WHAT IS REQUIRED
Pictures are not part of the copy. Reproduce all the records exactly.

GIVEN INFORMATION
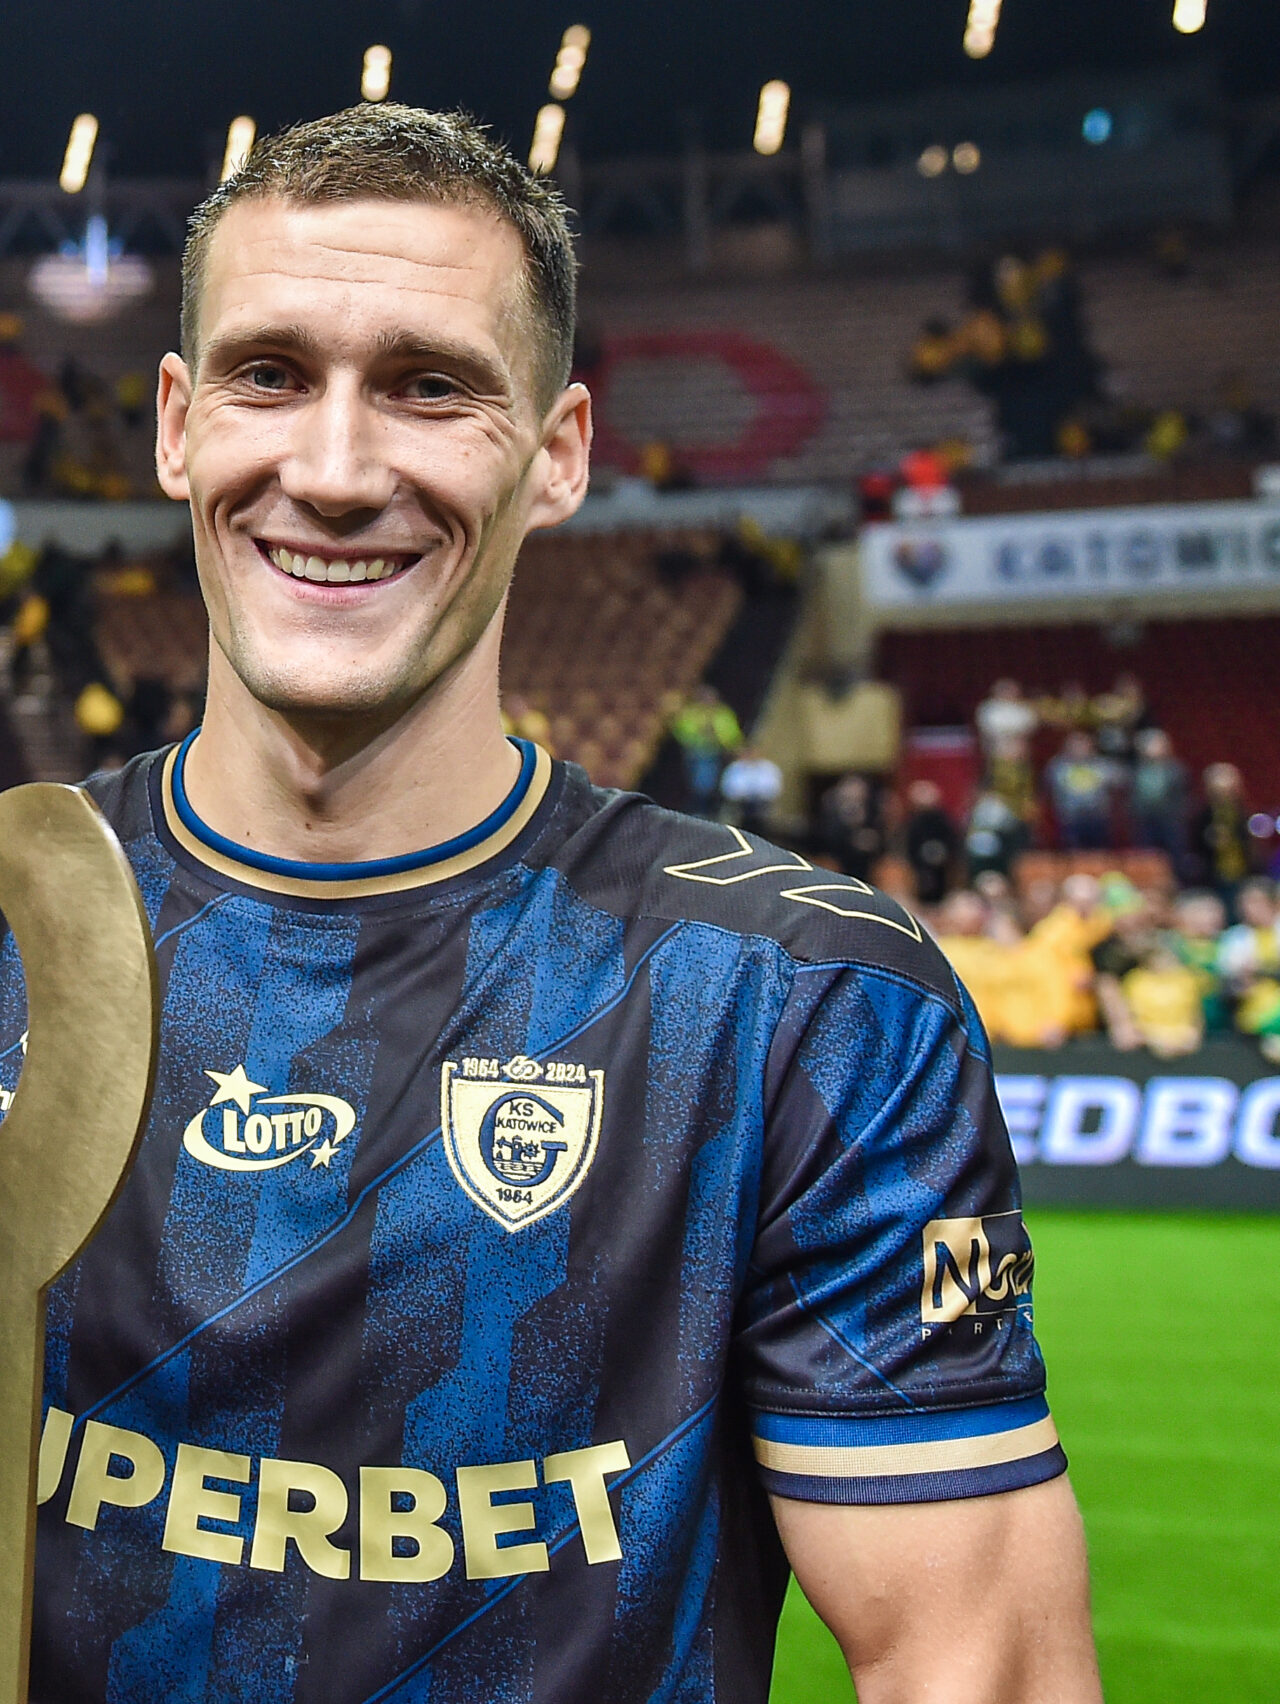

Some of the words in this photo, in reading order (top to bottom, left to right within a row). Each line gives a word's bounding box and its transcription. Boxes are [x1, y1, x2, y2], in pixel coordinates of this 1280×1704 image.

[462, 1057, 499, 1079] 1964
[545, 1062, 587, 1083] 2024
[509, 1100, 534, 1117] KS
[223, 1107, 322, 1154] LOTTO
[495, 1117, 558, 1134] KATOWICE
[495, 1187, 534, 1205] 1964
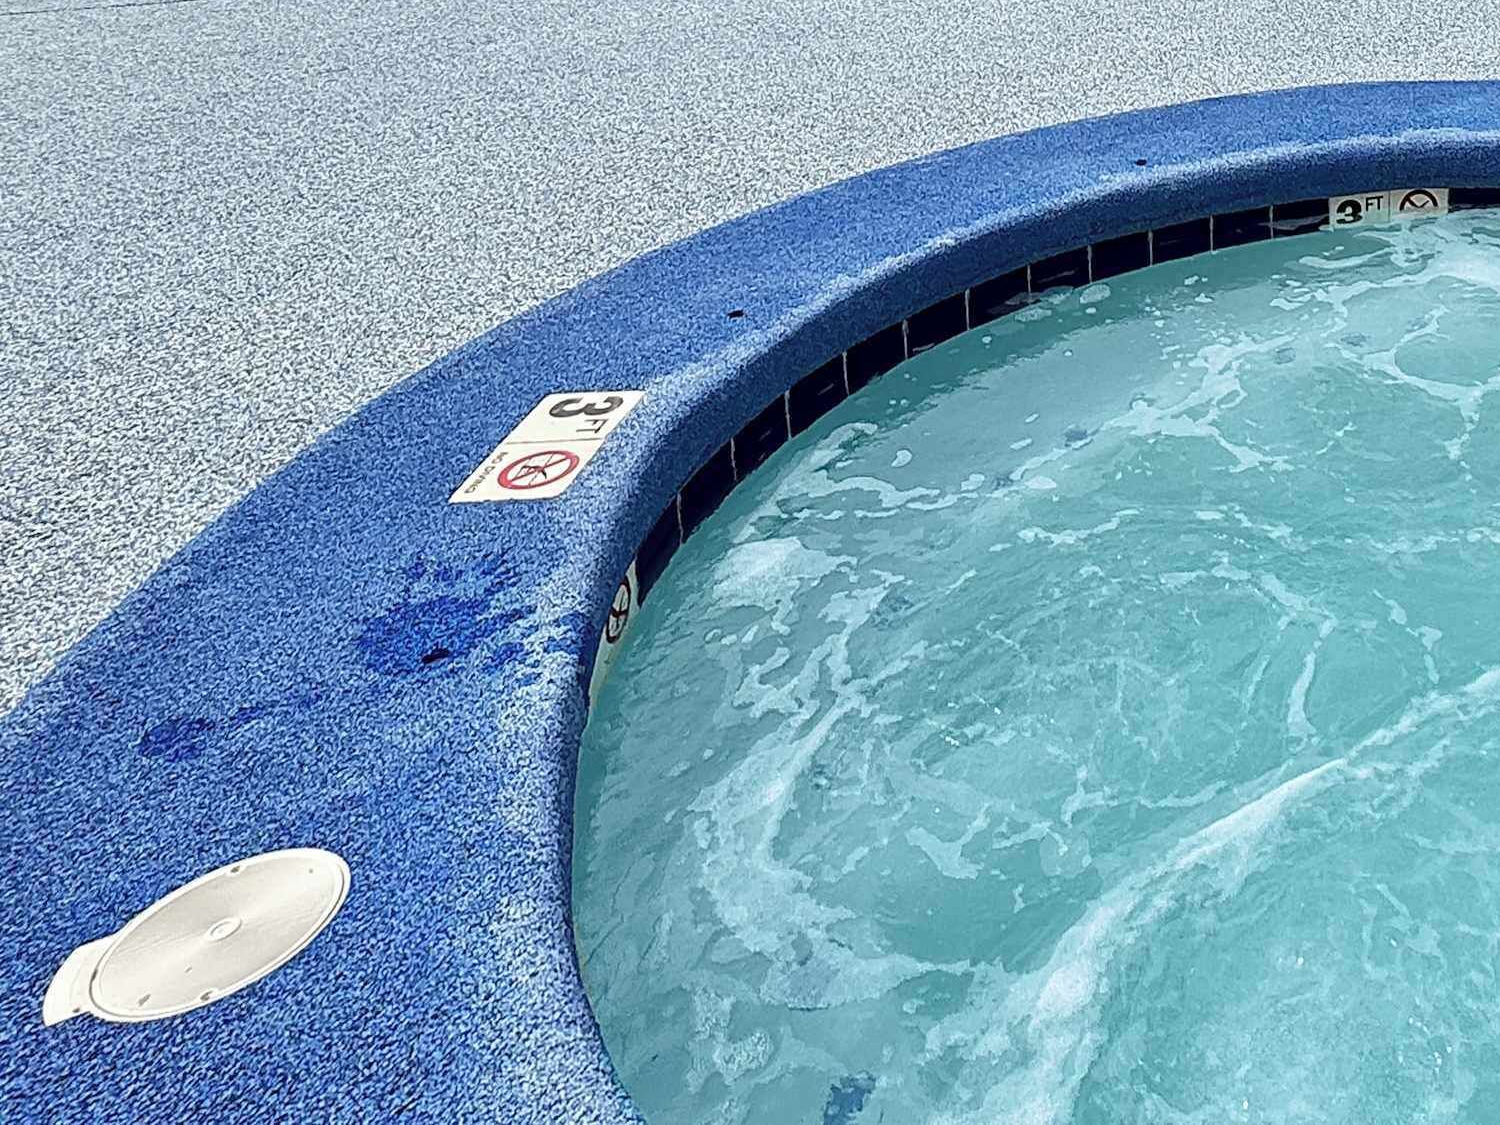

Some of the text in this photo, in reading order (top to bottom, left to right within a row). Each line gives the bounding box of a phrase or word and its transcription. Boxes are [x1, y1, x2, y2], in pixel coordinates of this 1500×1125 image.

[1335, 195, 1384, 225] 3 FT
[548, 395, 624, 434] 3 FT

EXERCISE SOLUTION
Some of the words in this photo, in reading order (top to bottom, left to right within a row). Each line gives a word's bounding box and its transcription. Boxes are [x1, y1, x2, y2], in pixel coordinates of this 1280×1704 image.

[462, 1057, 499, 1079] 1964
[545, 1062, 587, 1083] 2024
[509, 1100, 534, 1117] KS
[223, 1107, 322, 1154] LOTTO
[495, 1117, 558, 1134] KATOWICE
[495, 1187, 534, 1205] 1964

Some of the text in this photo, in reading order (top to bottom, left to right within a row). Each line gives the bounding box of a phrase or word and its transcription. Boxes are [x1, y1, x2, y2], in pixel coordinates of this 1500×1125 image.

[1335, 195, 1384, 225] 3 FT
[548, 395, 624, 434] 3 FT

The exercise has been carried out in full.